Yea, I know it’s a bit of an exaggeration to say that you shouldn’t buy food that comes in a packet, but you get the idea of where I’m going with this…’Toxins‘ in prepared foods – from tins of veg soup to loaves of bread – include substances with both familiar and unrecognisable names, but they can all be roughly classified into three groups:
- food additives
- artificial sweeteners, and
- artificial colours
This brief blog outlines just some of the ever-increasing list of those ingredients we might be wise to avoid. It may well help food manufacturers to make profits by producing cheap junk with unnaturally long shelf lives, but it’s our long-term health that eventually picks up the bill.

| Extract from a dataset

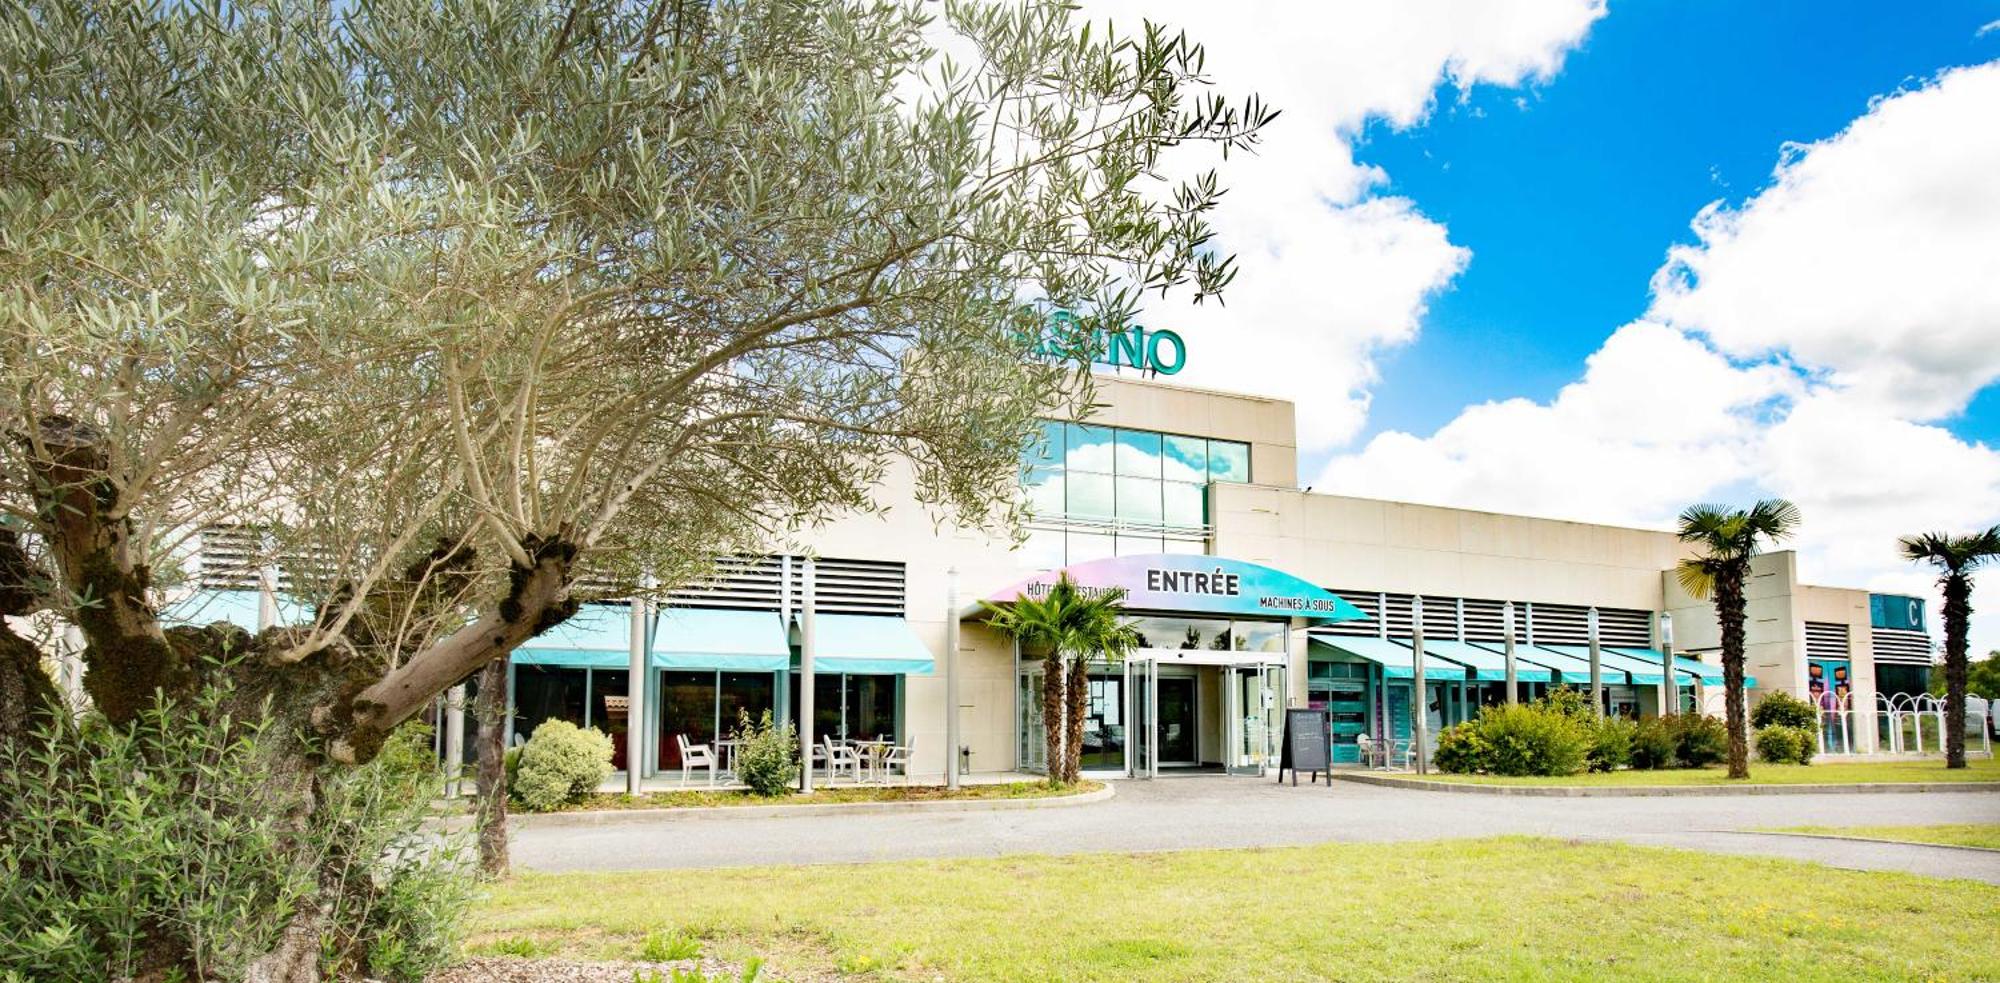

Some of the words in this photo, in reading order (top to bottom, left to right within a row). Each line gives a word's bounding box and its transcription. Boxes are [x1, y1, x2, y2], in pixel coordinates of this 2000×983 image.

You know that I’m going to suggest that you avoid all animal products and added salt, oil and sugar as a starter; but even those who might still consider it okay to chew on a bit of cheese or chicken from time to time might be interested in looking through what follows. And it’s not that they are all equally harmful, nor that they are necessarily harmful when found naturally-occurring in whole plant foods; but when they are synthesised or concentrated and added to ‘improve’ something in the product, you’ve got to ask “improve for whom?” and “who benefits financially?”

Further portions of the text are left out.